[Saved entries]
-----

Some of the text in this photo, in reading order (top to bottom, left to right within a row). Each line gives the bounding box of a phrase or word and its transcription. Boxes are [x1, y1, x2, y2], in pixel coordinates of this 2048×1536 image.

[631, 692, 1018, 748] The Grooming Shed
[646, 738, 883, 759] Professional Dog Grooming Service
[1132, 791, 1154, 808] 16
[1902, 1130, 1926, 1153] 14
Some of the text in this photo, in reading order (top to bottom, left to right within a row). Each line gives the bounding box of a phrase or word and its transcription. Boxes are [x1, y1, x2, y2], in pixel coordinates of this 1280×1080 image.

-----

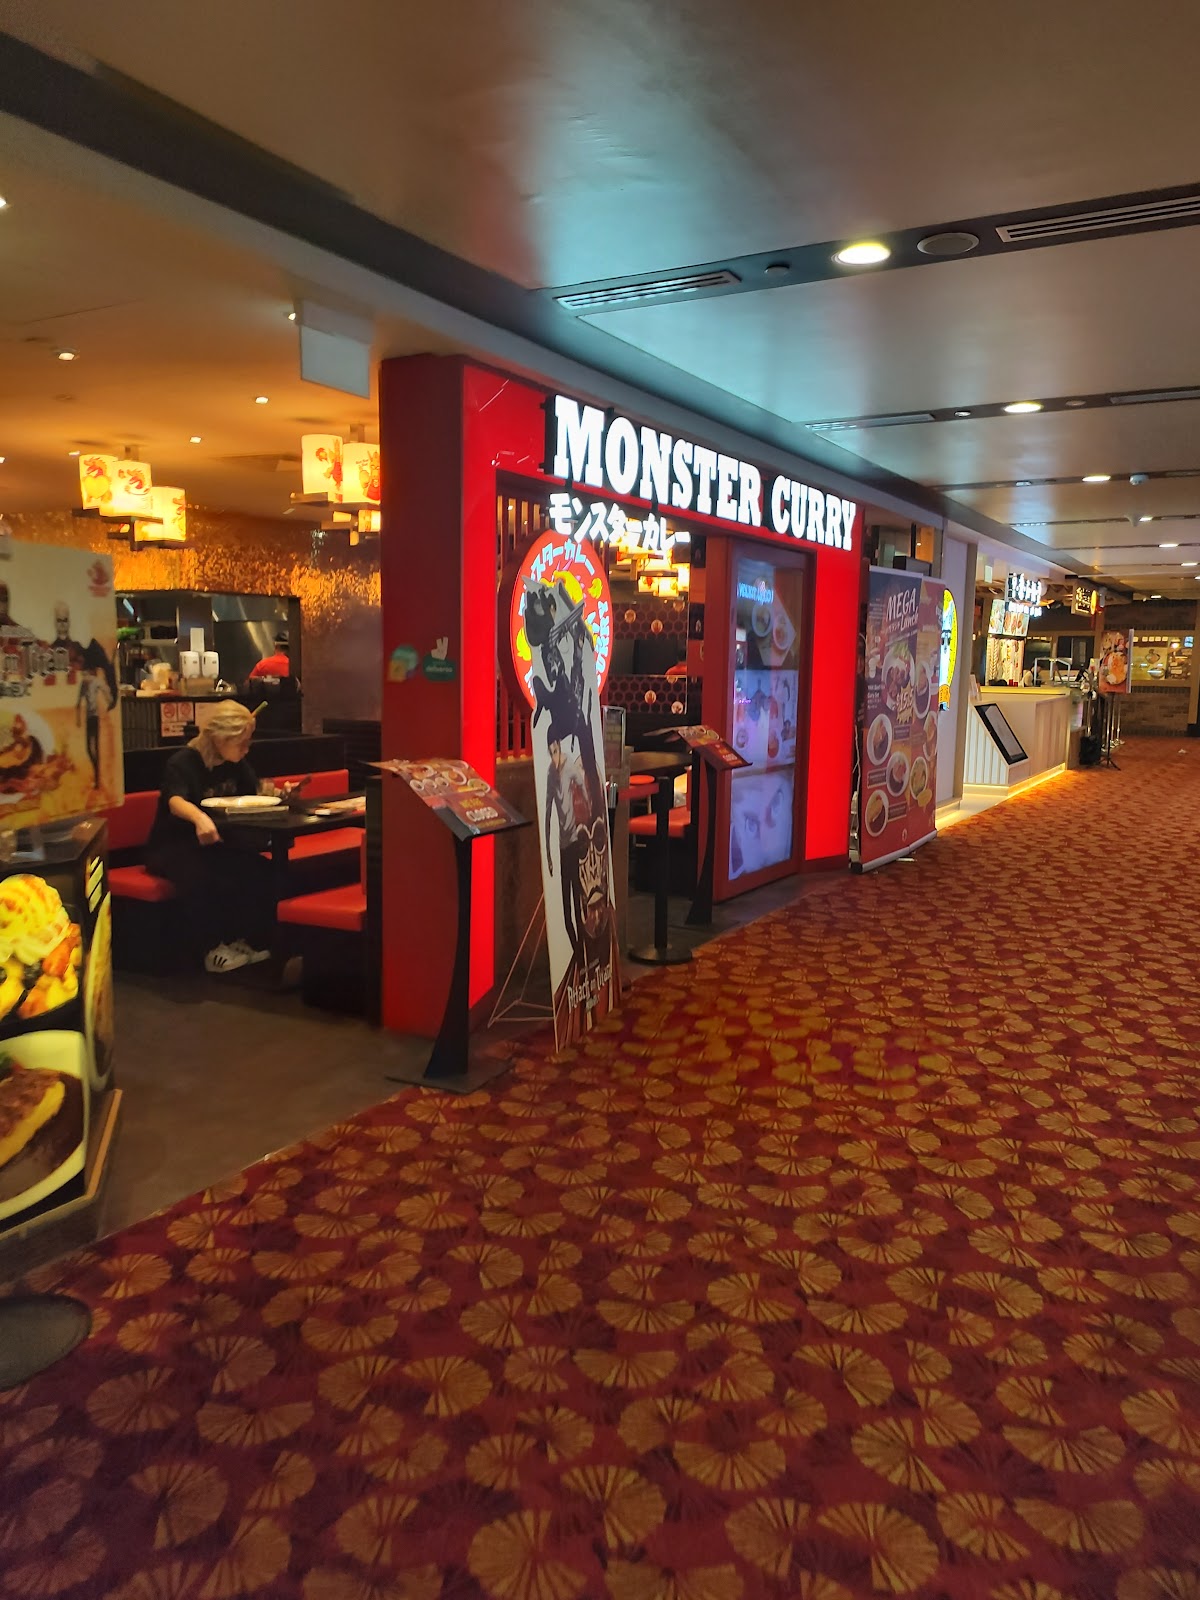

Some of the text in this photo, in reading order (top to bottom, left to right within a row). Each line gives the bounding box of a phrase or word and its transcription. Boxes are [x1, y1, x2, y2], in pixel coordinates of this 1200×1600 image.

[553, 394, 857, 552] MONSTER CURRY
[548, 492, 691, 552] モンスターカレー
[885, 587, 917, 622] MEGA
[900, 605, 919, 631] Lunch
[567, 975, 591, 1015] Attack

-----

→ **Task brief**
Using the entries above, give again exactly the lines from the line holding "this 2048×1536 image." through the line holding "this 1280×1080 image.". Include both end lines and nothing else.

→ **Exercise solution**
Some of the text in this photo, in reading order (top to bottom, left to right within a row). Each line gives the bounding box of a phrase or word and its transcription. Boxes are [x1, y1, x2, y2], in pixel coordinates of this 2048×1536 image.

[631, 692, 1018, 748] The Grooming Shed
[646, 738, 883, 759] Professional Dog Grooming Service
[1132, 791, 1154, 808] 16
[1902, 1130, 1926, 1153] 14
Some of the text in this photo, in reading order (top to bottom, left to right within a row). Each line gives the bounding box of a phrase or word and its transcription. Boxes are [x1, y1, x2, y2], in pixel coordinates of this 1280×1080 image.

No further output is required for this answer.